EXERCISE: Reproduce the listing below exactly, minus its pictures.

DATA TO PROCESS START

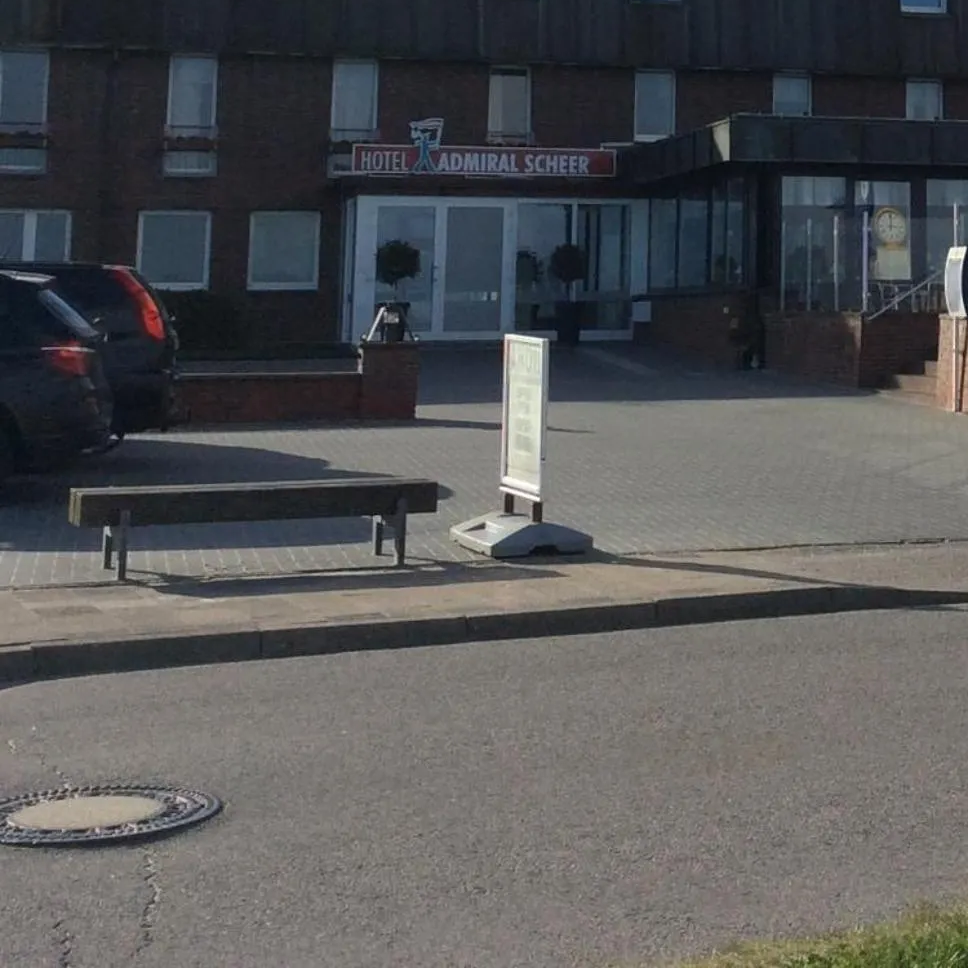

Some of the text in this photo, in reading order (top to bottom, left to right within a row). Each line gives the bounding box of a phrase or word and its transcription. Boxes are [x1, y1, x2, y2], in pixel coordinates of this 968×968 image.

[361, 150, 589, 174] HOTEL ADMIRAL SCHEER
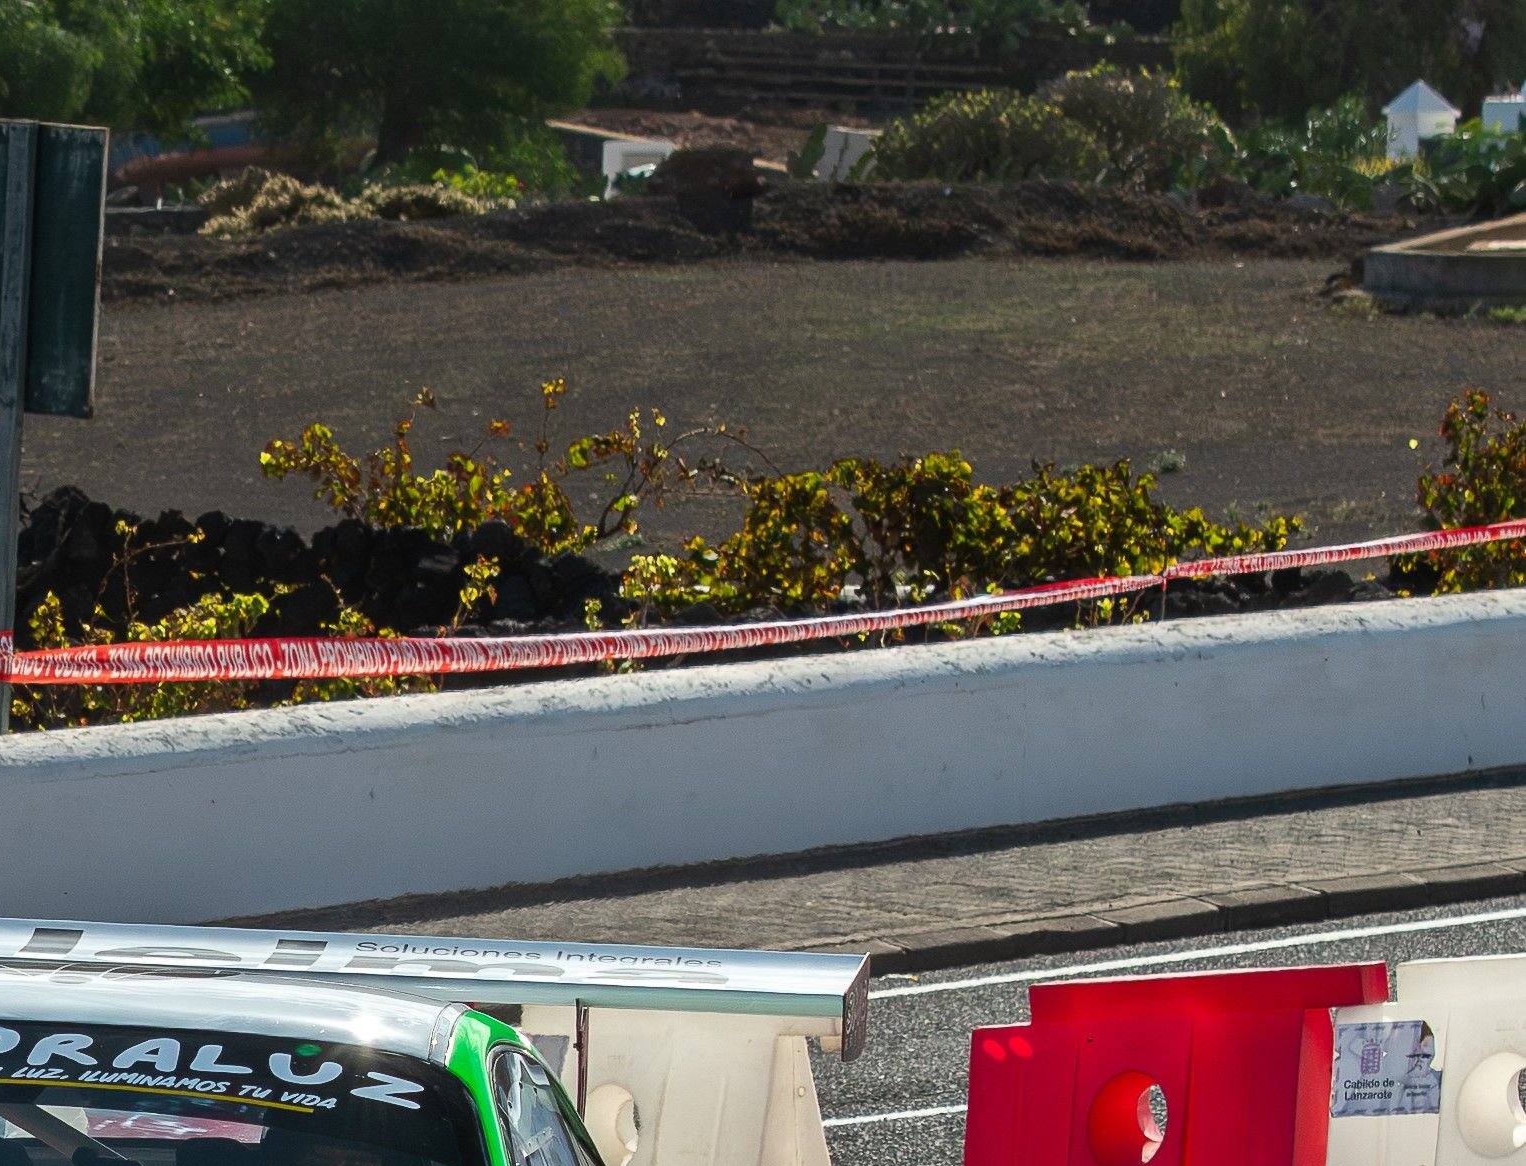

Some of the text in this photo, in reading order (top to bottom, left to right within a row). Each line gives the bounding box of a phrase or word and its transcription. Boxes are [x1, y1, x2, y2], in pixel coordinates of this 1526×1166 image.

[356, 942, 723, 968] Soluciones Integrales
[78, 1071, 231, 1093] ILUMINAMOS
[241, 1086, 273, 1099] TU
[281, 1091, 338, 1109] VIDA
[1344, 1078, 1381, 1090] Cabildo
[1382, 1077, 1395, 1088] de
[1344, 1090, 1392, 1102] Lanzarote
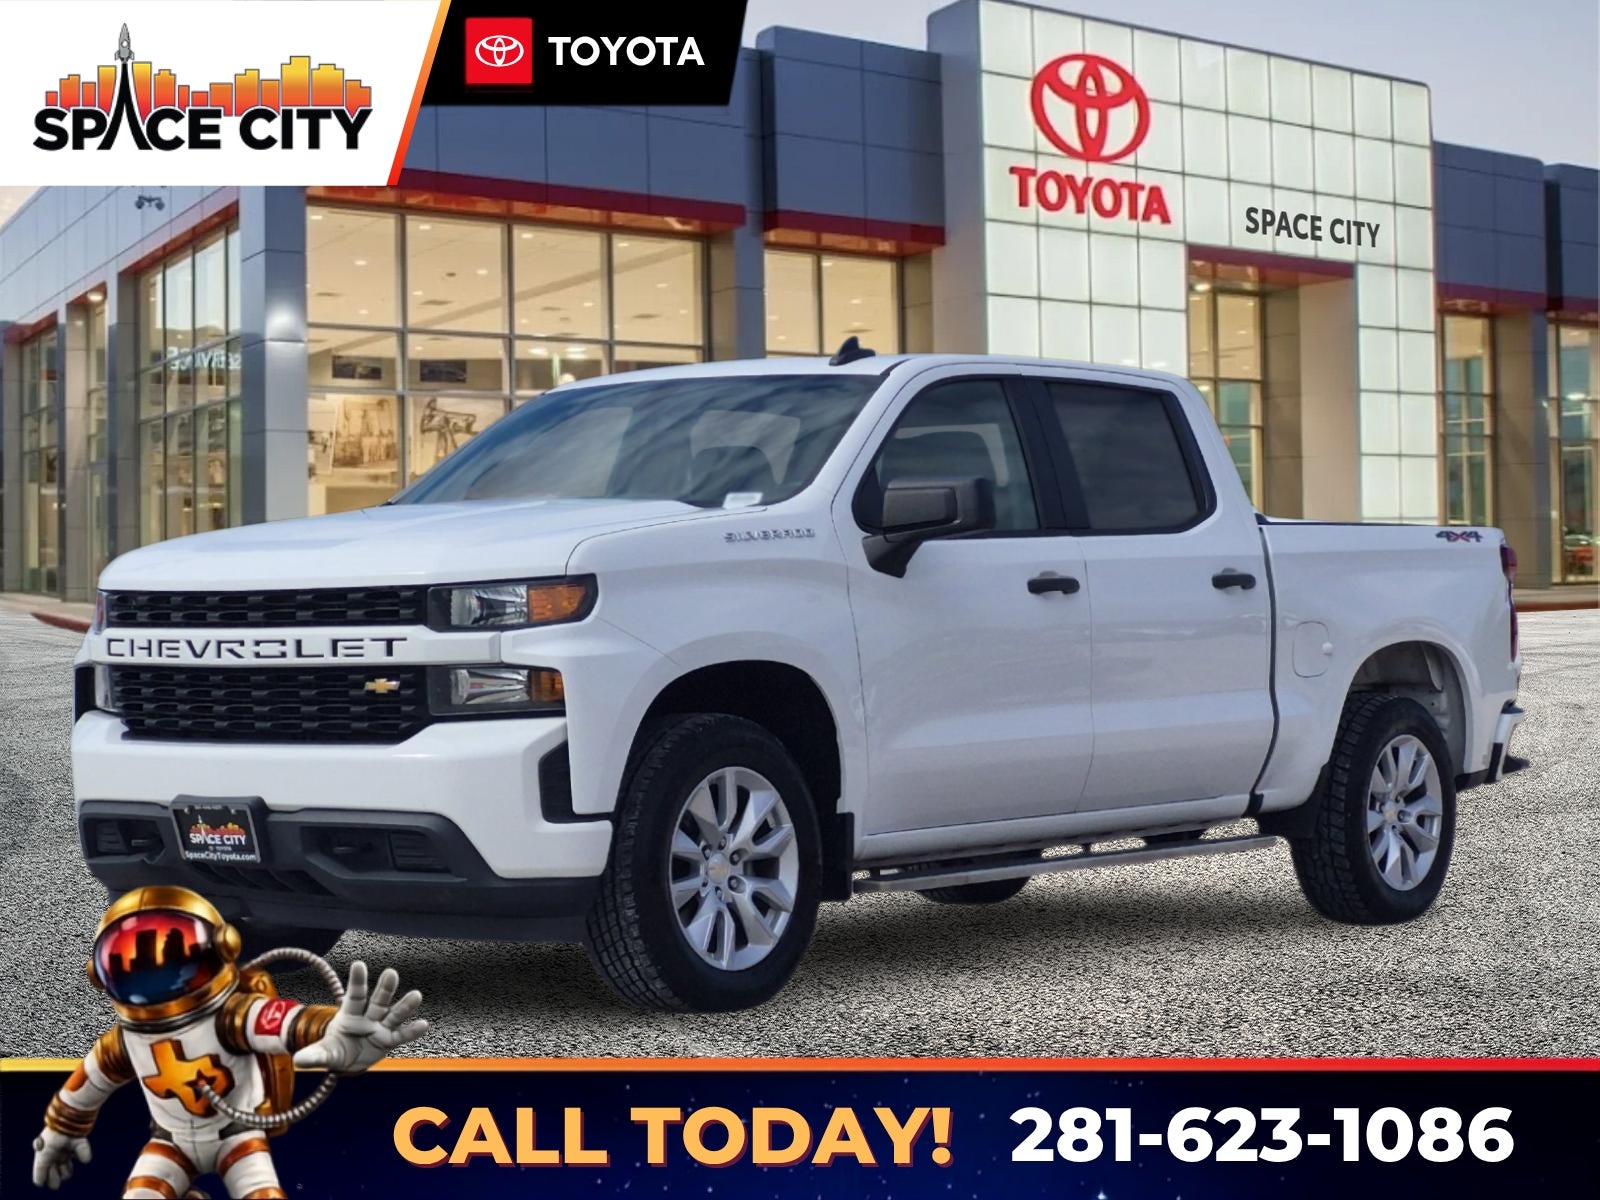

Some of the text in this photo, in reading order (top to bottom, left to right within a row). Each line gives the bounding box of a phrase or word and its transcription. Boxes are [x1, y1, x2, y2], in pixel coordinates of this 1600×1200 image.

DATA TO PROCESS END

RESPONSE TO THE TASK:
Some of the text in this photo, in reading order (top to bottom, left to right within a row). Each line gives the bounding box of a phrase or word and its transcription. Boxes are [x1, y1, x2, y2], in pixel coordinates of this 968×968 image.

[361, 150, 589, 174] HOTEL ADMIRAL SCHEER

Some of the text in this photo, in reading order (top to bottom, left to right within a row). Each line gives the bounding box of a phrase or word and its transcription. Boxes are [x1, y1, x2, y2], in pixel coordinates of this 1526×1166 image.

[356, 942, 723, 968] Soluciones Integrales
[78, 1071, 231, 1093] ILUMINAMOS
[241, 1086, 273, 1099] TU
[281, 1091, 338, 1109] VIDA
[1344, 1078, 1381, 1090] Cabildo
[1382, 1077, 1395, 1088] de
[1344, 1090, 1392, 1102] Lanzarote

Some of the text in this photo, in reading order (top to bottom, left to right within a row). Each line gives the bounding box of a phrase or word and its transcription. Boxes are [x1, y1, x2, y2], in pixel coordinates of this 1600×1200 image.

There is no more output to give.